Nachrichten Dies und das
Finnentrop, Finnentrop-Ramscheid, 4. Juni 2015

700-Jahr-Feier im Dorf

Ramscheid feiert – aber zu spät

Ramscheid feiert – aber zu spät
Fotos: Barbara Sander-Graetz
Man nehme, 12 Frauen, 16 Männern und 3 Kindern, dazu noch 20 Kälber, 25 Kühe und Bullen, 3 Hunde, 8 Trecker, ein Sägewerk und das Haus Agatha, eine Freizeit- und Bildungsstätte. Am Ort befindet sich außerdem eine im 17. Jahrhundert errichtete Kapelle, die der St. Agatha geweiht ist. Unmittelbar am Ort vorbei verläuft eine alte Bahntrasse, die als Teilstrecke des Sauerlandradrings umgestaltet wurde. Das sind die Zahlen und Fakten zu Ramscheid. Doch Ramscheid kann mehr, Ramscheid kann feiern, wenn auch mit Verspätung.
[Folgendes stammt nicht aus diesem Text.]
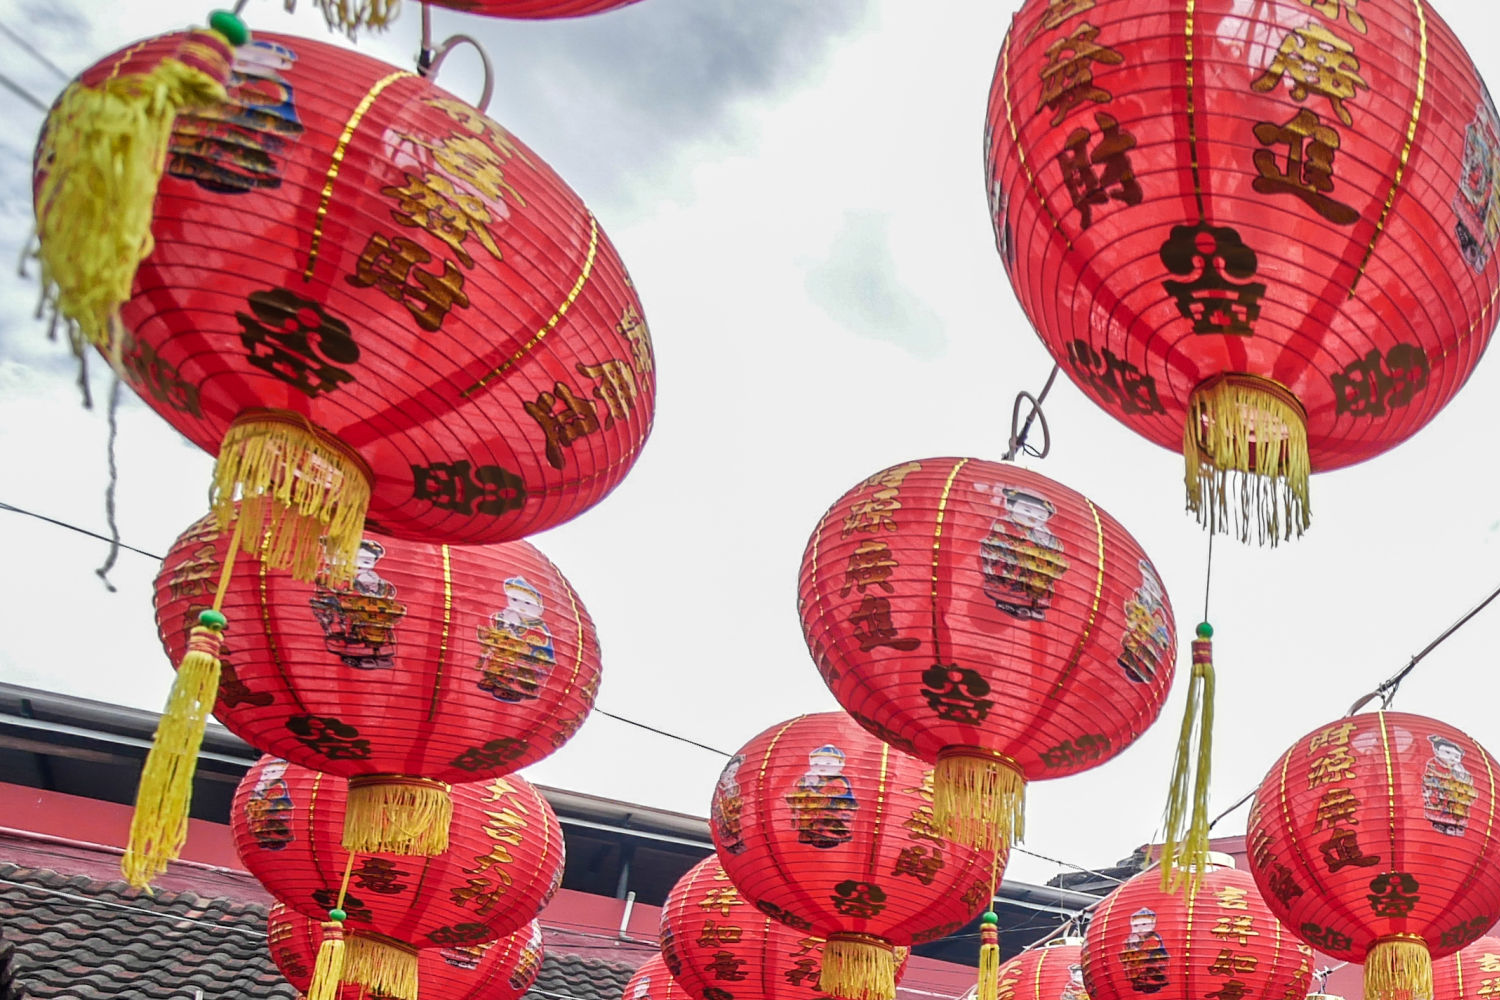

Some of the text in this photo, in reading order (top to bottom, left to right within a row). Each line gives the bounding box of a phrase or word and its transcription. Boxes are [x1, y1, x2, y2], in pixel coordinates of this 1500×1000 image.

Richard Schörmann und Herbert Schmidt-Holthöfer, zwei gestandene Ramscheider, stellten sich die Frage, wie alt ist eigentlich unser Dorf? Gefühlt gab es den Ort bei Serkenrode schon immer, doch die zwei wollten es genau wissen. Beim Kreis wurden sie fündig.
„Ramscheid wurde 1313 zum ersten Mal urkundlich erwähnt. Da hieß es noch Ramesbeke“, erzählt Herbert Schmidt-Holthöfer von den Ergebnissen seiner Nachforschungen. Das war im vergangenen Jahr und somit war man für eine Jubiläumsfeier schon ein Jahr zu spät dran. „Damit hatten wir keine Hektik, denn der Termin für eine 700-Jahr-Feier war rum.“
Also entschloss man sich, in Ruhe ein Fest vorzubereiten und dann zu feiern. Der Termin der Wahl war Fronleichnam. Nach der Prozession ging es zum Haus Agatha, der Freizeit und Bildungsstätte, die gerade viele Menschen aus Dortmund und Hagen gerne nutzen. Jetzt wurde der Innenhof zur Festmeile.
Auf der mobilen Bühne der Sparkasse gaben heimische Chöre ein Stelldichein und auf die Kinder warteten zahlreiche Spielmöglichkeiten aus dem Clever-Mobil. Bücher, Kleidung und der Eine-Welt Laden zeigten einen Querschnitt ihres Angebotes. Ein Spanferkel wurde gegrillt und im eigenen Ofen Brot gebacken. Zu den Gratulanten gehörte auch Bürgermeister Dietmar Heß.
Zu den Gratulanten gehörte Dietmar Heß (links).
Das Kuchenbuffet sorgte für zusätzliche Kalorien, aber auch für Geschmacksexplosionen. Zu sehen gab es auch die Trecker des Dorfes, die von modern bis hin zu echten Schätzchen reichen. Und wer genau ein Ramscheider ist, das konnte man an den eigens für diesen Tag entworfenen Shirts erkennen, denn nur wo „Ramscheider“ drauf steht, ist auch ein Ramscheider drin.